WHAT IS EXPECTED
Each entry below should be printed exactly, with every image left out.

◆ ◆ ◆ ◆ ◆

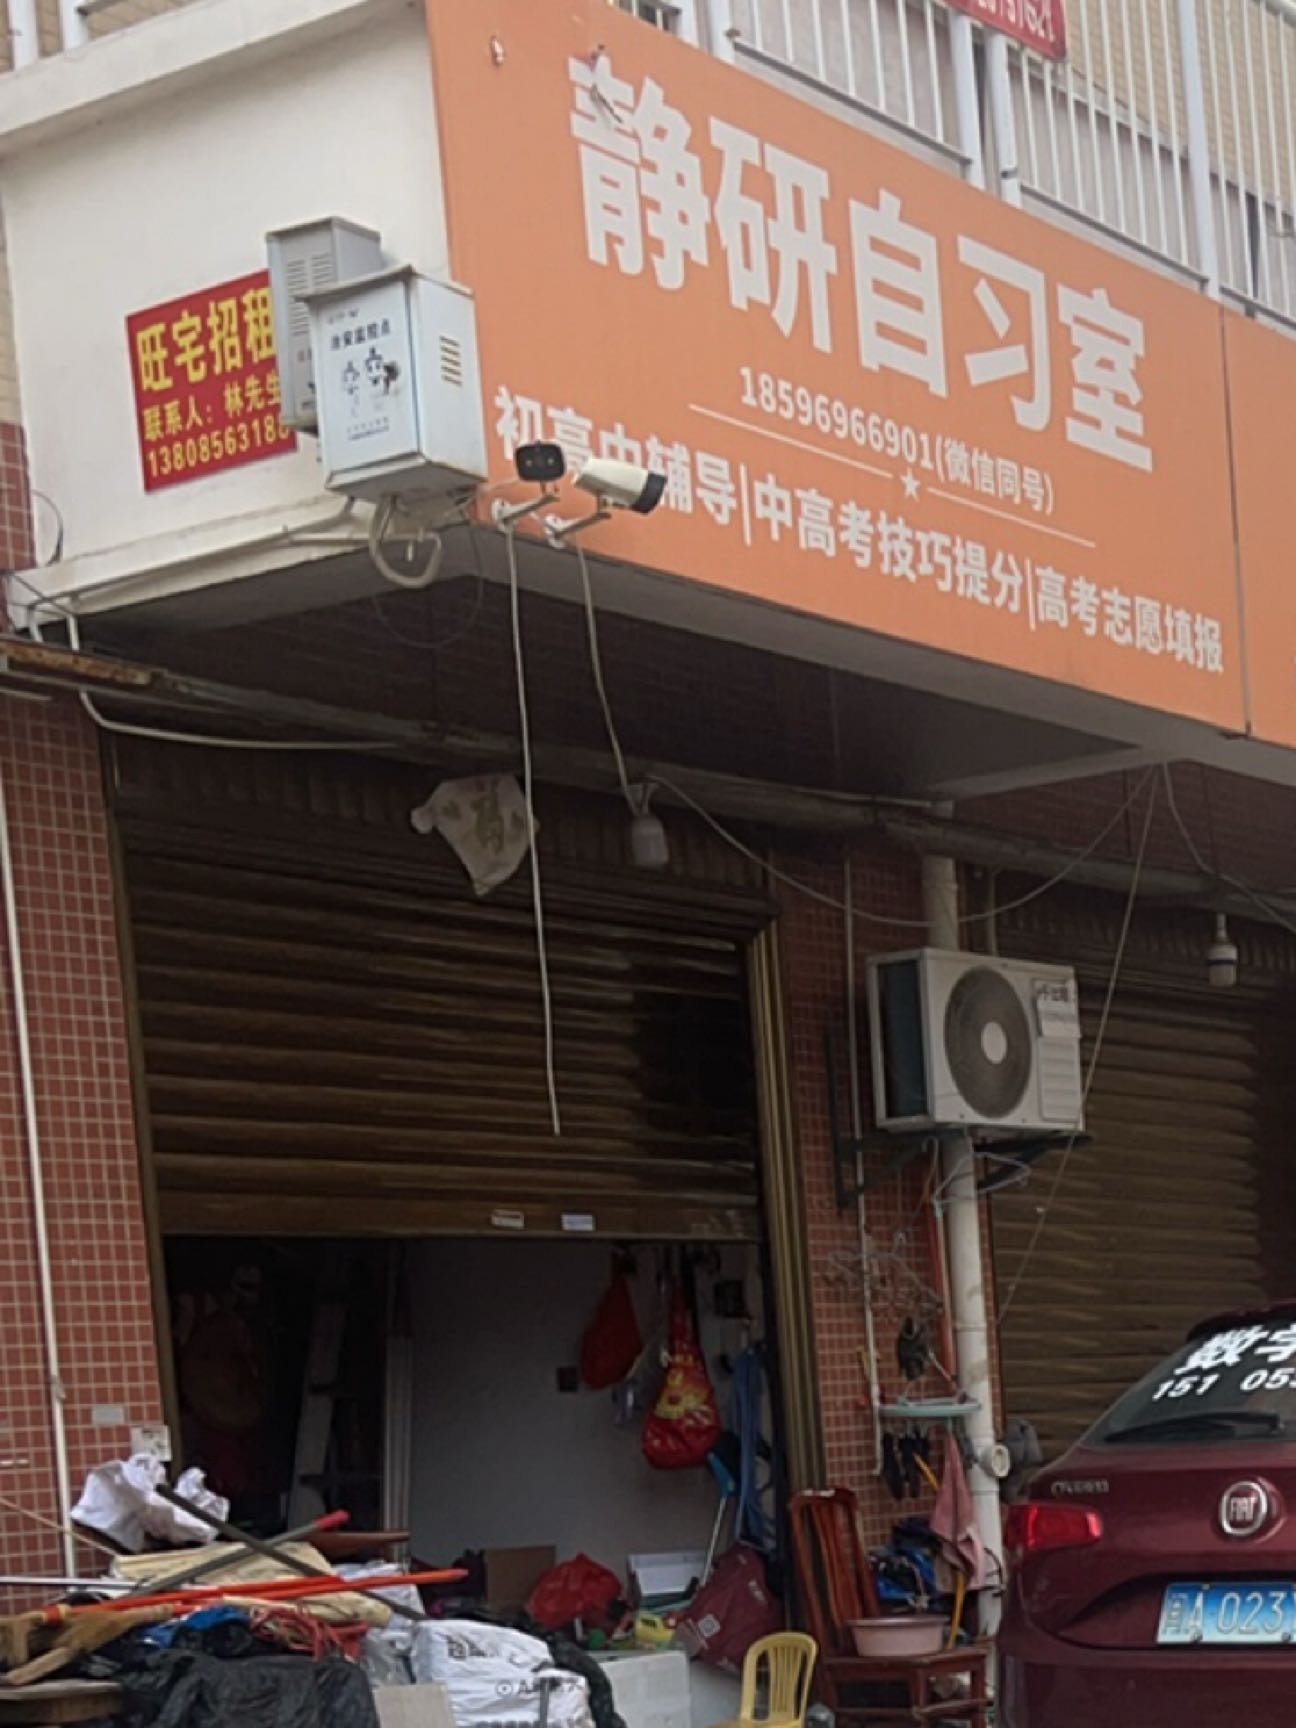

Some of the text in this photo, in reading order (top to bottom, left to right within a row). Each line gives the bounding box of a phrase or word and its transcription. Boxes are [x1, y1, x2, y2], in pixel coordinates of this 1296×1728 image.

[567, 53, 1153, 473] 静研自习室
[136, 287, 276, 392] 旺宅招租
[1151, 1374, 1220, 1402] 151
[1229, 1495, 1258, 1522] FIAT
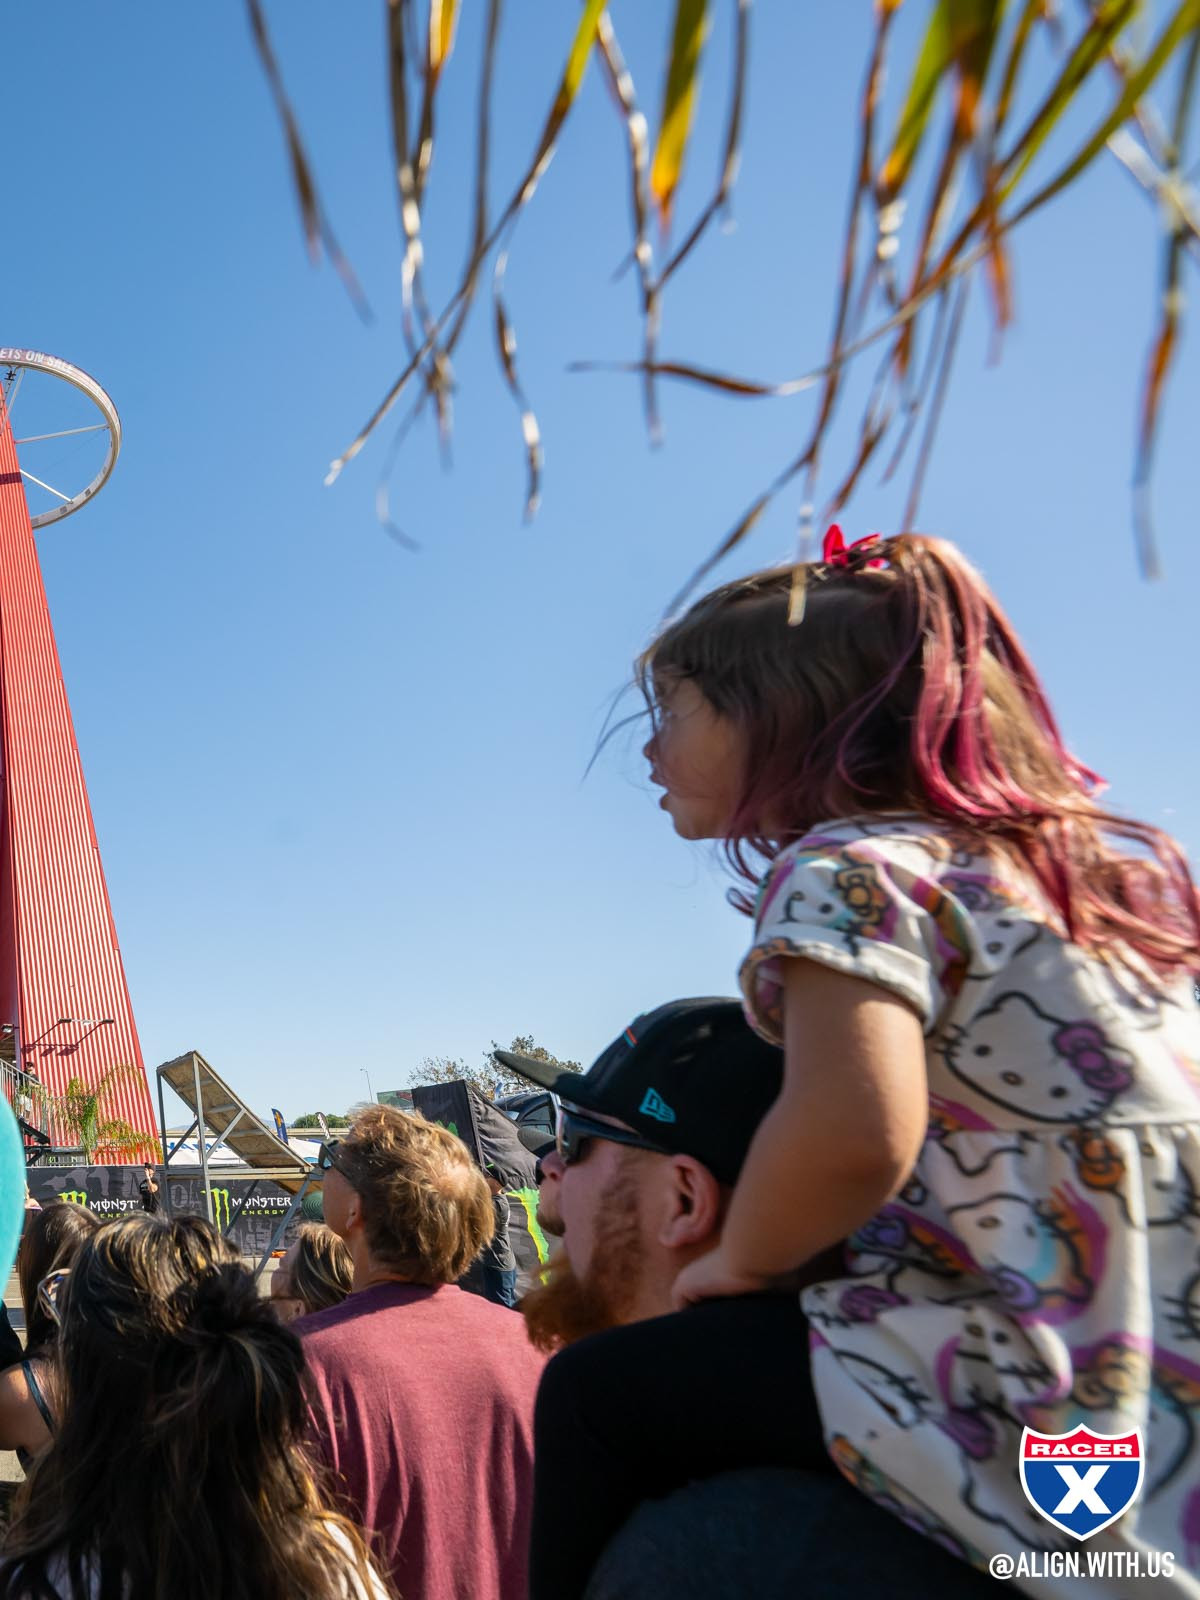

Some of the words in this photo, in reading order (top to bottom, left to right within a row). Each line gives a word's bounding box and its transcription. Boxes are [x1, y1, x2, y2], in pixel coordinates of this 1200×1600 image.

[26, 349, 44, 363] ON
[90, 1198, 144, 1212] MONST
[232, 1196, 293, 1209] MONSTER

◆ ◆ ◆ ◆ ◆

FINISHED TASK
Some of the text in this photo, in reading order (top to bottom, left to right within a row). Each line gives the bounding box of a phrase or word and its transcription. Boxes are [x1, y1, x2, y2], in pixel coordinates of this 1296×1728 image.

[567, 53, 1153, 473] 静研自习室
[136, 287, 276, 392] 旺宅招租
[1151, 1374, 1220, 1402] 151
[1229, 1495, 1258, 1522] FIAT

Some of the words in this photo, in reading order (top to bottom, left to right within a row). Each line gives a word's bounding box and its transcription. Boxes are [x1, y1, x2, y2], in pixel coordinates of this 1200×1600 image.

[26, 349, 44, 363] ON
[90, 1198, 144, 1212] MONST
[232, 1196, 293, 1209] MONSTER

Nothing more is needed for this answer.